Division by zero
Division by zero -- A division, such as a ÷ b is defined only when b is nonzero. The smaller the divisor in a division, the larger the quotient (answer), and as the divisor approaches zero, the quotient approaches infinity. It could be said that the answer to ?anything divided by zero? is infinity; however, allowing something to equal infinity causes the rules of arithmetic to break down, so instead the division itself is not allowed within the rules of arithmetic.
Another way to see why division by zero does not work is to work backwards from multiplication, remembering that anything multiplied by zero is zero. So
- 2 × 0 = 0,
which, if we are allowed to divide by zero, means that
- 0 ÷ 0 = 2.
Yet any number divided by itself is 1, so this cannot be right. Furthermore,
- 4 × 0 = 0,
so
- 0 ÷ 0 = 4,
Suggesting that 2 = 4, which is nonsense.

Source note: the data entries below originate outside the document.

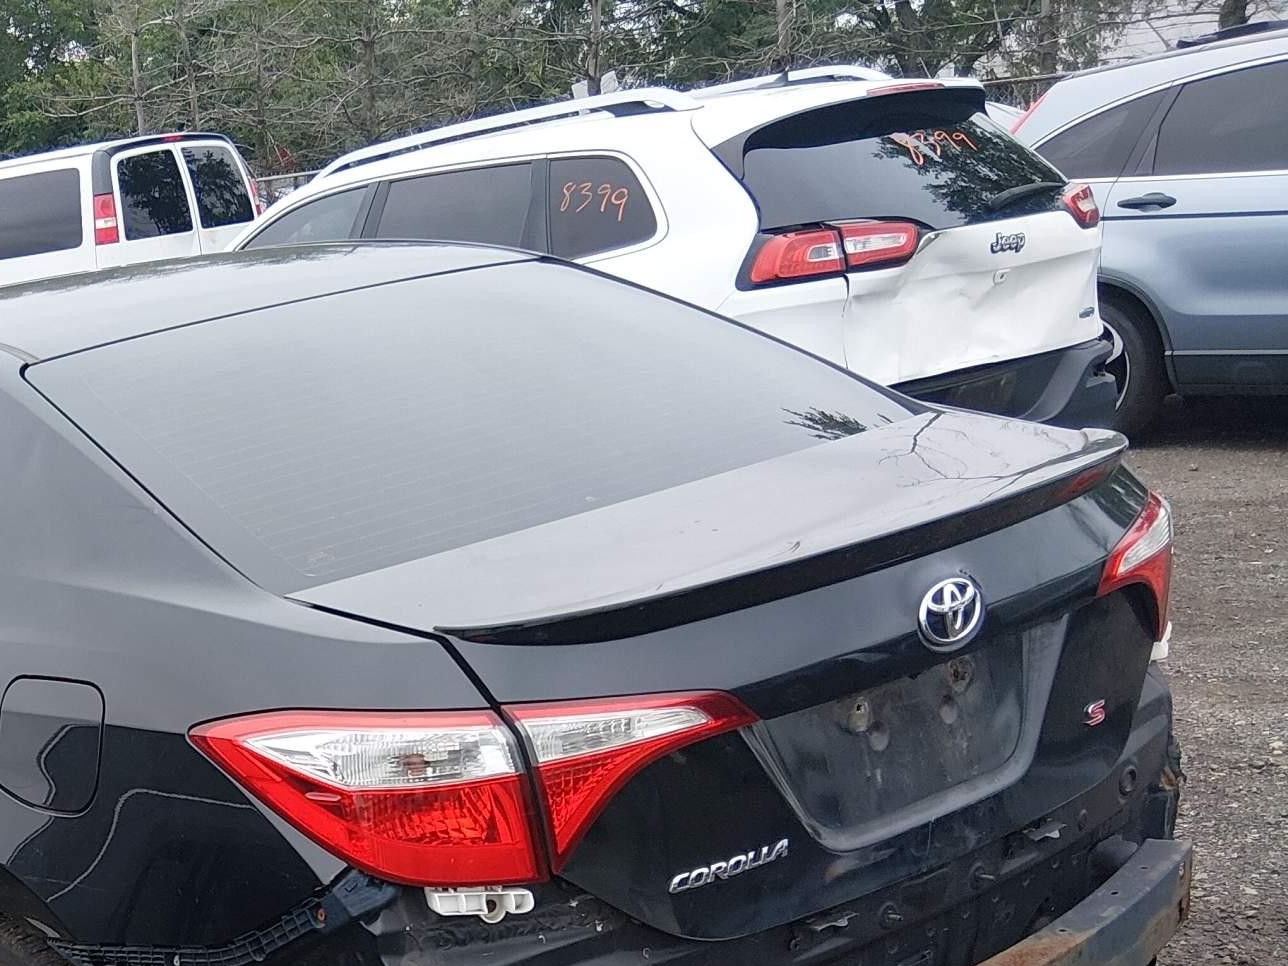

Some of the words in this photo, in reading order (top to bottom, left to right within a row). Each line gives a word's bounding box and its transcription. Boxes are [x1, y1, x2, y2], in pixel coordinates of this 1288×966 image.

[891, 130, 978, 166] 8399
[559, 181, 629, 222] 8399
[990, 231, 1026, 254] Jeep
[1083, 699, 1106, 726] S
[668, 838, 789, 894] COROLLA
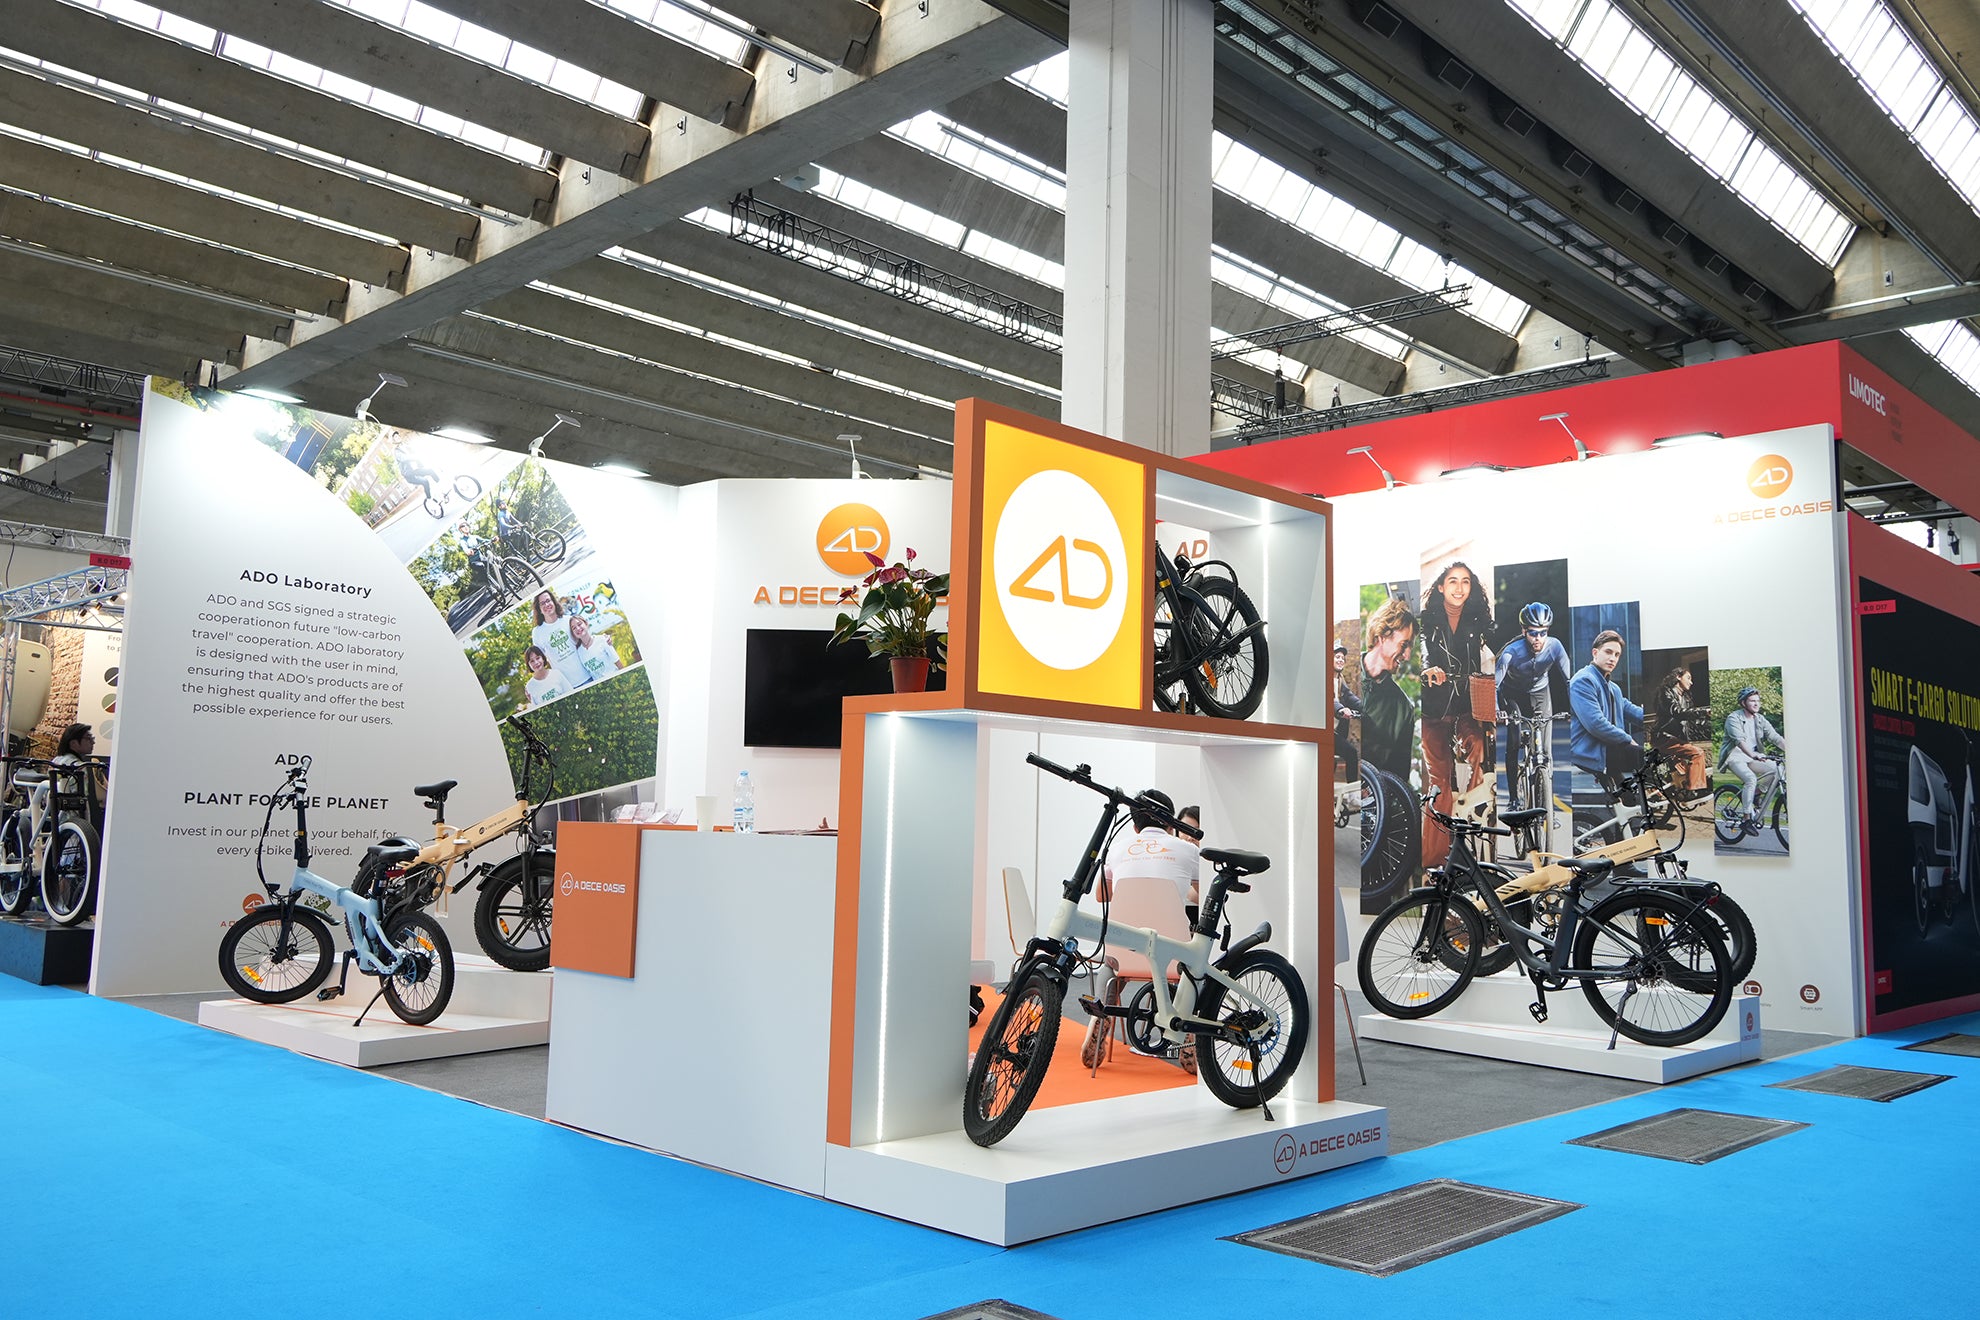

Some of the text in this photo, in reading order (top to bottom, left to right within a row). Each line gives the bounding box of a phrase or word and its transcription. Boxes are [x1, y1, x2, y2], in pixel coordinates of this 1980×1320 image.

[1848, 373, 1886, 417] LIMOTEC
[1714, 500, 1833, 524] A DECE OASIS
[240, 569, 372, 599] ADO Laboratory
[753, 586, 771, 605] A
[779, 586, 859, 605] DECE
[206, 594, 397, 626] ADO and SGS signed a strategic
[198, 612, 401, 642] cooperationon future "low-carbon
[192, 629, 405, 660] travel" cooperation. ADO laboratory
[196, 646, 398, 676] is designed with the user in mind,
[187, 666, 404, 692] ensuring that ADO's products are of
[182, 682, 405, 710] the highest quality and offer the best
[1870, 666, 1903, 713] SMART
[1907, 677, 1945, 723] E-CARGO
[193, 703, 393, 726] possible experience for our users.
[184, 792, 243, 806] PLANT
[327, 796, 390, 810] PLANET
[167, 825, 207, 837] Invest
[210, 825, 222, 837] in
[226, 828, 248, 838] our
[311, 830, 338, 841] your
[341, 828, 379, 840] behalf,
[381, 829, 398, 840] for
[216, 846, 252, 858] every
[574, 880, 580, 890] A
[580, 881, 602, 893] DECE
[602, 882, 626, 895] OASIS
[1299, 1143, 1308, 1158] A
[1310, 1134, 1345, 1155] DECE
[1347, 1126, 1381, 1147] OASIS

It is possible to disguise a division by zero in a long algebraic argument, leading to such things as the spurious proof that 2 equals 1.
It is both possible and meaningful to find the limit as x approaches 0 of some divisions by x; see derivative (calculus) for more information.
Extension to complex numbers
In the complex plane. division by zero is an example of a simple pole.
Computers
Many computer architectures produce a runtime exception when an attempt is made to divide by zero.
Non-standard analysis
In some non-standard formulations of mathematics, such as Conway numbers, division by zero is permitted, with a defined result.